» **Task statement**
Give an exact copy of the data that follows, but none of its pictures.

» **Recorded data**

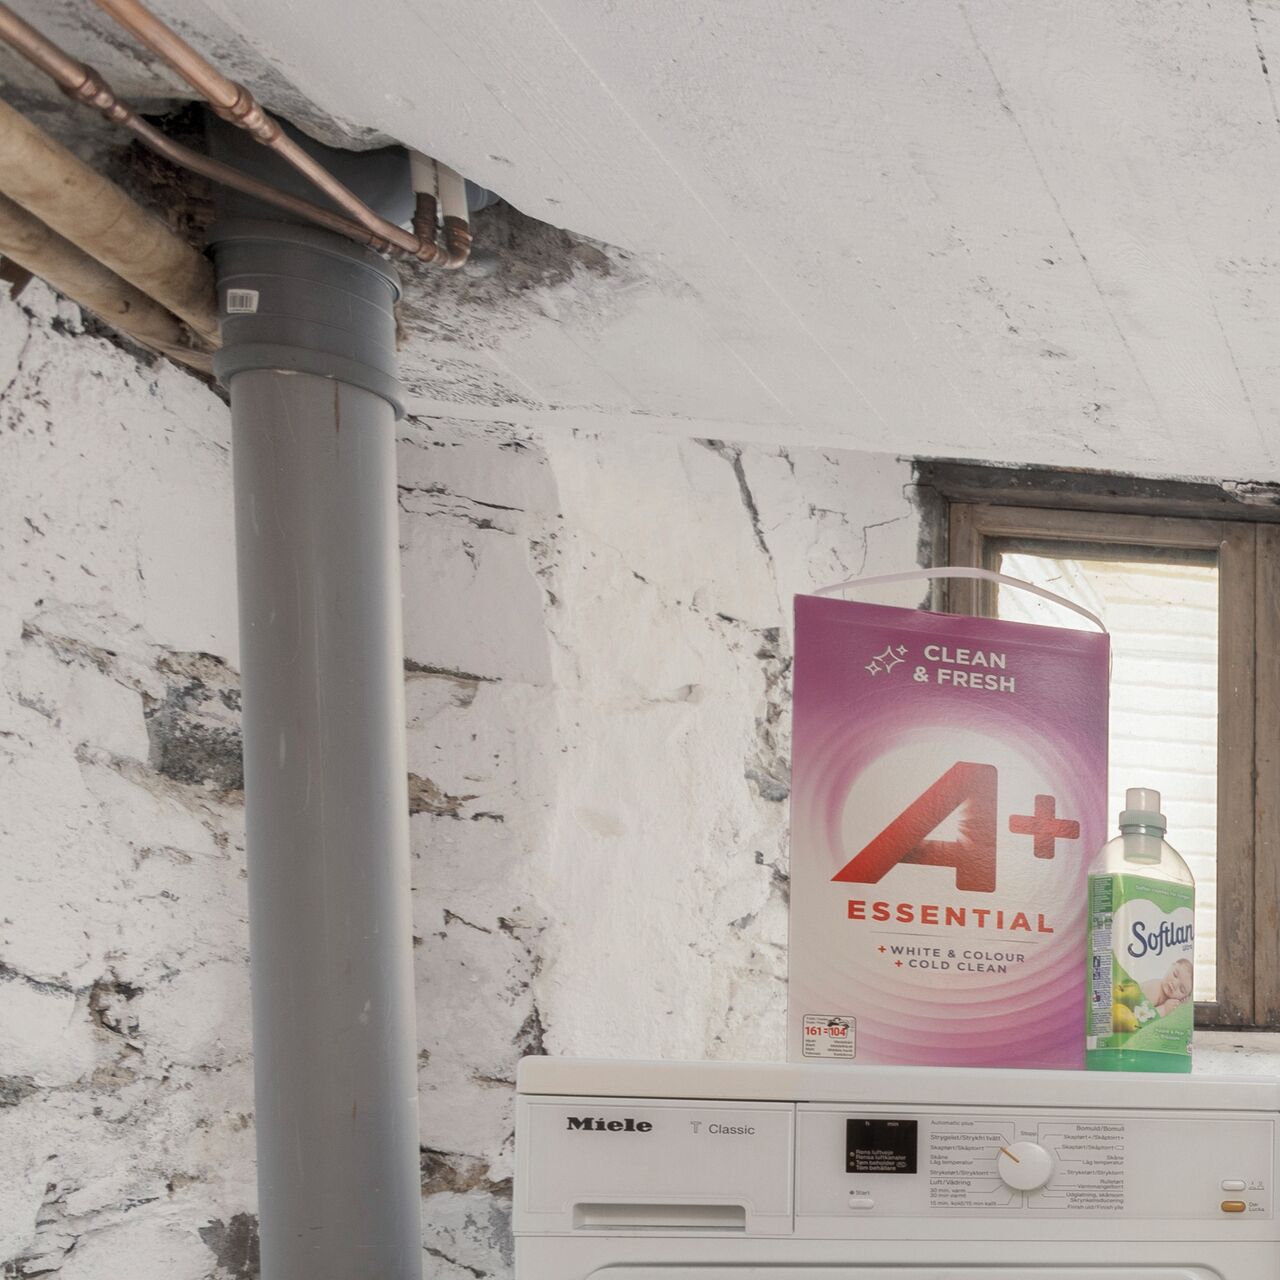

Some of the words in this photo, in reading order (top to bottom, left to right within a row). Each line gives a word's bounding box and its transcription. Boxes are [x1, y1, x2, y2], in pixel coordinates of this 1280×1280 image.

[924, 645, 1006, 669] CLEAN
[913, 666, 929, 682] &
[937, 668, 1015, 693] FRESH
[830, 761, 1080, 893] A+
[848, 900, 1054, 933] ESSENTIAL
[1128, 921, 1194, 958] Softlan
[890, 945, 941, 958] WHITE
[947, 949, 956, 959] &
[963, 950, 1025, 963] COLOUR
[908, 959, 950, 970] COLD
[957, 962, 1007, 973] CLEAN
[805, 1026, 821, 1036] 161
[830, 1027, 846, 1037] 104
[567, 1117, 653, 1132] Miele
[690, 1121, 702, 1134] T
[708, 1124, 755, 1135] Classic

» **Answer to this task**
Some of the words in this photo, in reading order (top to bottom, left to right within a row). Each line gives a word's bounding box and its transcription. Boxes are [x1, y1, x2, y2], in pixel coordinates of this 1280×1280 image.

[924, 645, 1006, 669] CLEAN
[913, 666, 929, 682] &
[937, 668, 1015, 693] FRESH
[830, 761, 1080, 893] A+
[848, 900, 1054, 933] ESSENTIAL
[1128, 921, 1194, 958] Softlan
[890, 945, 941, 958] WHITE
[947, 949, 956, 959] &
[963, 950, 1025, 963] COLOUR
[908, 959, 950, 970] COLD
[957, 962, 1007, 973] CLEAN
[805, 1026, 821, 1036] 161
[830, 1027, 846, 1037] 104
[567, 1117, 653, 1132] Miele
[690, 1121, 702, 1134] T
[708, 1124, 755, 1135] Classic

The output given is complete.